Pembaca yang budiman…
Di antara ayat al-Qur’an yang berbicara seputar masalah hijab adalah firrmanNya,
يَانِسَآءَ النَّبِيِّ لَسْتُنَّ كَأَحَدٍ مِّنَ النِّسَآءِ إِنِ اتَّقَيْتُنَّ فَلاَ تَخْضَعْنَ بِالْقَوْلِ فَيَطْمَعَ الَّذِي فِي قَلْبِهِ مَرَضٌ وَقُلْنَ قَوْلاً مَّعْرُوفًا وَقَرْنَ فِي بُيُوتِكُنَّ وَلاَتَبَرَّجْنَ تَبَرُّجَ الْجَاهِلِيَّةِ اْلأُوْلَى وَأَقِمْنَ الصَّلاَةَ وَءَاتِينَ الزَّكَاةَ وَأَطِعْنَ اللهَ وَرَسُولَهُ . إِنَّمَا يُرِيدُ اللهُ لِيُذْهِبَ عَنكُمُ الرِّجْسَ أَهْلَ الْبَيْتِ وَيُطَهِّرَكُمْ تَطْهِيرًا
Artinya, ” Hai istri-istri Nabi, kamu sekalian tidaklah seperti wanita yang lain, jika kamu bertakwa. Maka janganlah kamu tunduk dalam berbicara sehingga berkeinginanlah orang yang ada penyakit dalam hatinya, dan ucapkanlah perkataan yang baik, dan hendaklah kamu tetap di rumahmu dan janganlah kamu berhias dan bertingkah laku seperti orang-orang Jahiliyah yang dahulu dan dirikanlah shalat, tunaikanlah zakat dan taatilah Allah dan Rasul-Nya. Sesungguhnya Allah bermaksud hendak menghilangkan dosa dari kamu, hai ahlul bait dan membersihkan kamu sebersih-bersihnya.” (Qs. Al Ahzab : 32-33)
Pembaca yang budiman…
Perintah Allah ini memang disampaikan kepada istri-istri Rasulullah shallallahu ‘alaihi wasallam, namun pada dasarnya berlaku bagi semua wanita yang beriman. Adapun di sini Allah Ta’ala mengkhususkannya bagi istri-istri Rasulullah saja, itu tidak lain karena posisi, kedudukan dan kedekatan mereka dengan Rasulullah shallallahu ‘alaihi wasallam, di samping bahwa mereka merupakan suri teladan bagi para wanita yang beriman.
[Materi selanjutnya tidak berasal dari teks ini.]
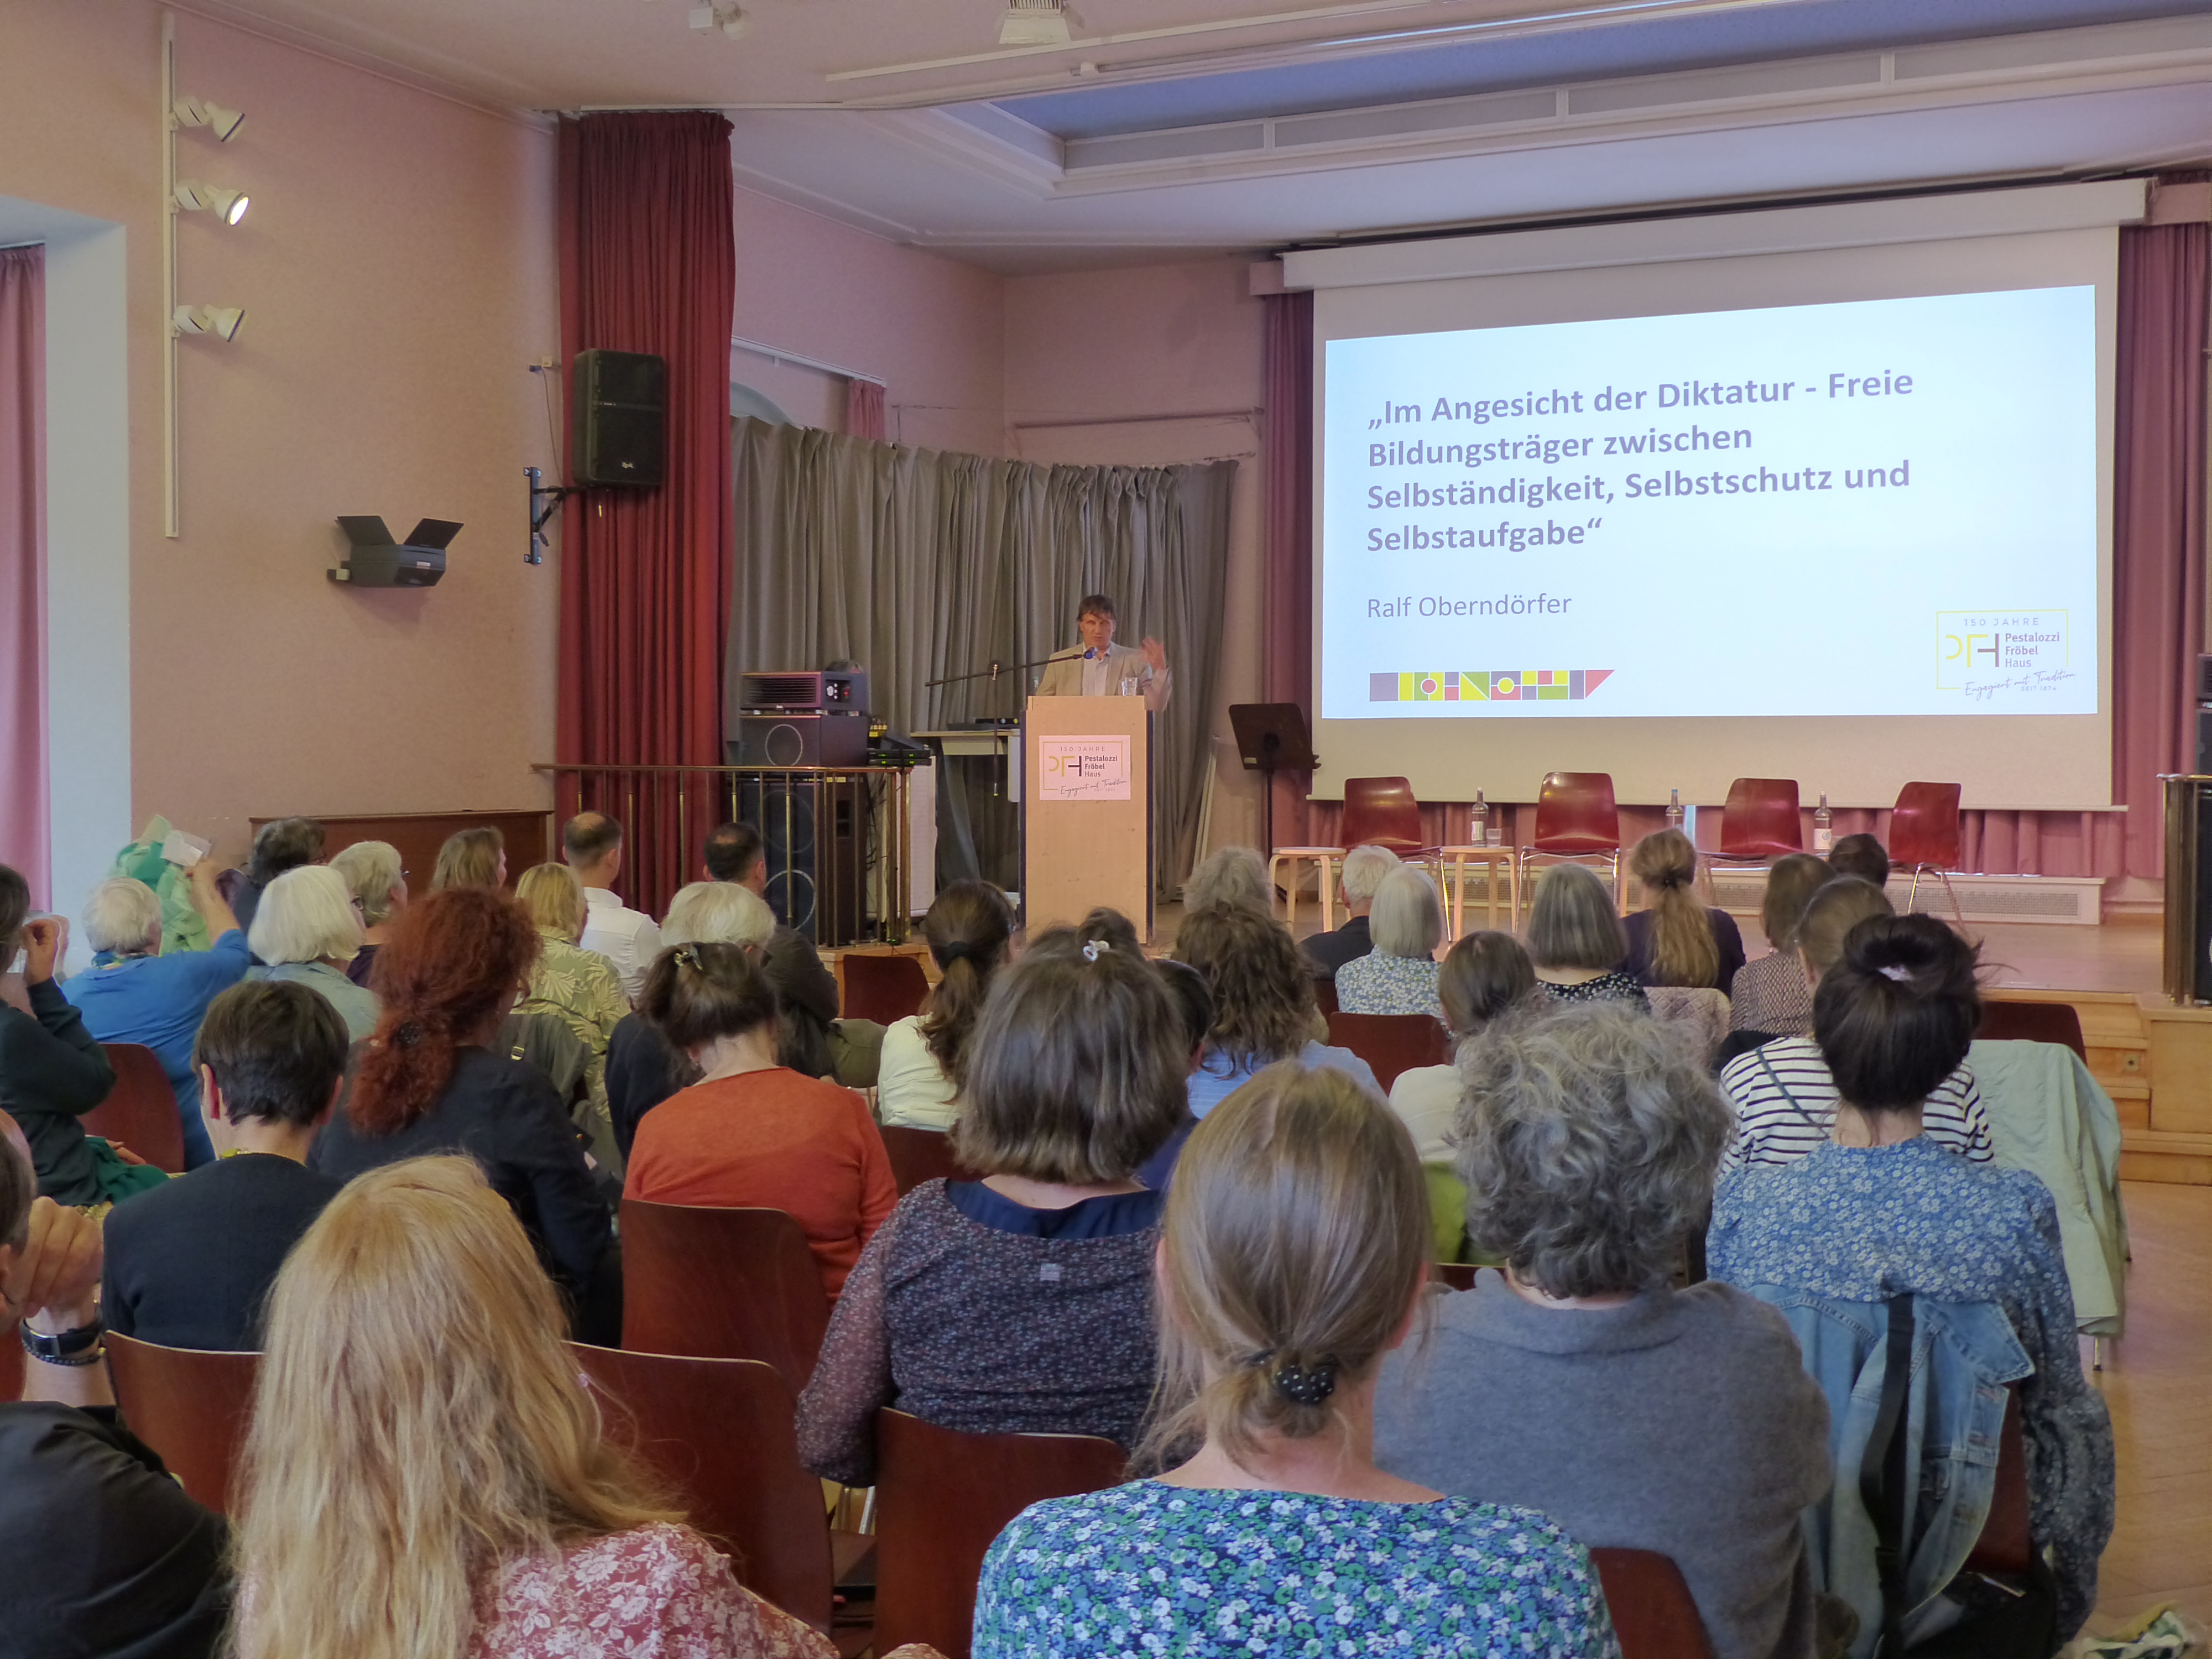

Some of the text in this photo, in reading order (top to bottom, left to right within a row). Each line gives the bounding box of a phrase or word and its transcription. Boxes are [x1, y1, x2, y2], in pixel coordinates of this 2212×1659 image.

Karena, maksud dari perintah ini pada dasarnya berlaku umum, mengingat syariat Islam memang diperuntukkan dan diberlakukan secara umum bagi semua manusia. Sebagaimana terdapat kaidah yang mengatakan, bahwa “al-‘ibratu bi ‘umûmi al-lafdzi, lâ bi khushûshi as-sabab” (Dasar pengambilan hukum dari nash-nash al-Qur’an maupun hadis, adalah keumuman lafazhnya, bukan kekhususan sebabnya). Kaidah ini akan tetap berlaku bagi semua nash-nash yang ada, selama tidak ada dalil yang menyatakan kekhususan nash-nash tersebut. Sedangkan di sini, tidak ada satu pun dalil yang menyatakan kekhususan ayat di atas. Sebagaimana itu terjadi pada firman Allah yang ditujukan kepada Rasulullah shallallahu ‘alaihi wasallam:
لَئِنْ أَشْرَكْتَ لَيَحْبَطَنَّ عَمَلُكَ وَلَتَكُونَنَّ مِّنَ الْخَاسِرِينَ
“Jika kamu mempersekutukan (Allah), niscaya akan hapus amalmu dan tentulah kamu termasuk orang-orang yang merugi.” (QS. az- Zumar:65)
Oleh karena itu, maka hukum-hukum yang terkandung dalam kedua ayat ini dan yang semisalnya, tentu saja berlaku umum bagi semua wanita yang beriman. Contohnya, seperti larangan melontarkan kata-kata “ah” terhadap kedua orang tua yang ada dalam firman Allah Ta’ala yang berbunyi:
فَلاَ تَقُل لَّهُمَا أُفٍّ
“Maka sekali-kali janganlah kamu mengatakan kepada keduanya perkataan ‘”ah” “ (QS. al-Isrâ’:23). Maka, di sini tentunya memukul lebih dilarang dan diharamkan lagi.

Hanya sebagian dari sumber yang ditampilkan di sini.